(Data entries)
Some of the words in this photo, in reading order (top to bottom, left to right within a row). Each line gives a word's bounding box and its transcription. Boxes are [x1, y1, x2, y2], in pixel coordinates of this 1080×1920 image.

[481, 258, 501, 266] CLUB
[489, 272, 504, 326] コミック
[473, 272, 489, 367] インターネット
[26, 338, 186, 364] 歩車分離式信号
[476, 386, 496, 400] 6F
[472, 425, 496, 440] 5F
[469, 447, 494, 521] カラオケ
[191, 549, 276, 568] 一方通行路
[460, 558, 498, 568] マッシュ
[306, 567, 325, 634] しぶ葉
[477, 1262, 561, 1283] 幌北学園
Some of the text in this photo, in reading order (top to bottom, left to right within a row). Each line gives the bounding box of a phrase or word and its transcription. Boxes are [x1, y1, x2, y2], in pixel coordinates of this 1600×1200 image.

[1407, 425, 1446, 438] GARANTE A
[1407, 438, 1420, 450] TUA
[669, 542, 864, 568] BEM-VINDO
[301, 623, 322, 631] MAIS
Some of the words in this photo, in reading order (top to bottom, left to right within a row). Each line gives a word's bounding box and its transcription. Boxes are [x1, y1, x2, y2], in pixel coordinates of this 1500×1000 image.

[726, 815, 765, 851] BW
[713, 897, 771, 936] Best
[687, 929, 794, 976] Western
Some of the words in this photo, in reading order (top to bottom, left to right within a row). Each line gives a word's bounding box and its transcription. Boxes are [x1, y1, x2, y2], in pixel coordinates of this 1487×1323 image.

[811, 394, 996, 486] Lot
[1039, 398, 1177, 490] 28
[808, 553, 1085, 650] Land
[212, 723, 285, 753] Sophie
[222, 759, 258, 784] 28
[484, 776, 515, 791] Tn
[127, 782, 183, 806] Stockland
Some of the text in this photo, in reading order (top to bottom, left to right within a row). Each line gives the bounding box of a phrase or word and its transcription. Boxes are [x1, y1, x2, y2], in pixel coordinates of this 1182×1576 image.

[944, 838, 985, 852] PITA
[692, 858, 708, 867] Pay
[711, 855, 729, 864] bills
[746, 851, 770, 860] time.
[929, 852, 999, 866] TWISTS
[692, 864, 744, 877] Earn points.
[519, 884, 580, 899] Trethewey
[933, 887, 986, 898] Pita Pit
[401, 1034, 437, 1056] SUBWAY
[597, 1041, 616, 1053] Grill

ACTIVITY:
Could you write out all of the data again, exactly as given?

WORKED SOLUTION:
Some of the words in this photo, in reading order (top to bottom, left to right within a row). Each line gives a word's bounding box and its transcription. Boxes are [x1, y1, x2, y2], in pixel coordinates of this 1080×1920 image.

[481, 258, 501, 266] CLUB
[489, 272, 504, 326] コミック
[473, 272, 489, 367] インターネット
[26, 338, 186, 364] 歩車分離式信号
[476, 386, 496, 400] 6F
[472, 425, 496, 440] 5F
[469, 447, 494, 521] カラオケ
[191, 549, 276, 568] 一方通行路
[460, 558, 498, 568] マッシュ
[306, 567, 325, 634] しぶ葉
[477, 1262, 561, 1283] 幌北学園
Some of the text in this photo, in reading order (top to bottom, left to right within a row). Each line gives the bounding box of a phrase or word and its transcription. Boxes are [x1, y1, x2, y2], in pixel coordinates of this 1600×1200 image.

[1407, 425, 1446, 438] GARANTE A
[1407, 438, 1420, 450] TUA
[669, 542, 864, 568] BEM-VINDO
[301, 623, 322, 631] MAIS
Some of the words in this photo, in reading order (top to bottom, left to right within a row). Each line gives a word's bounding box and its transcription. Boxes are [x1, y1, x2, y2], in pixel coordinates of this 1500×1000 image.

[726, 815, 765, 851] BW
[713, 897, 771, 936] Best
[687, 929, 794, 976] Western
Some of the words in this photo, in reading order (top to bottom, left to right within a row). Each line gives a word's bounding box and its transcription. Boxes are [x1, y1, x2, y2], in pixel coordinates of this 1487×1323 image.

[811, 394, 996, 486] Lot
[1039, 398, 1177, 490] 28
[808, 553, 1085, 650] Land
[212, 723, 285, 753] Sophie
[222, 759, 258, 784] 28
[484, 776, 515, 791] Tn
[127, 782, 183, 806] Stockland
Some of the text in this photo, in reading order (top to bottom, left to right within a row). Each line gives the bounding box of a phrase or word and its transcription. Boxes are [x1, y1, x2, y2], in pixel coordinates of this 1182×1576 image.

[944, 838, 985, 852] PITA
[692, 858, 708, 867] Pay
[711, 855, 729, 864] bills
[746, 851, 770, 860] time.
[929, 852, 999, 866] TWISTS
[692, 864, 744, 877] Earn points.
[519, 884, 580, 899] Trethewey
[933, 887, 986, 898] Pita Pit
[401, 1034, 437, 1056] SUBWAY
[597, 1041, 616, 1053] Grill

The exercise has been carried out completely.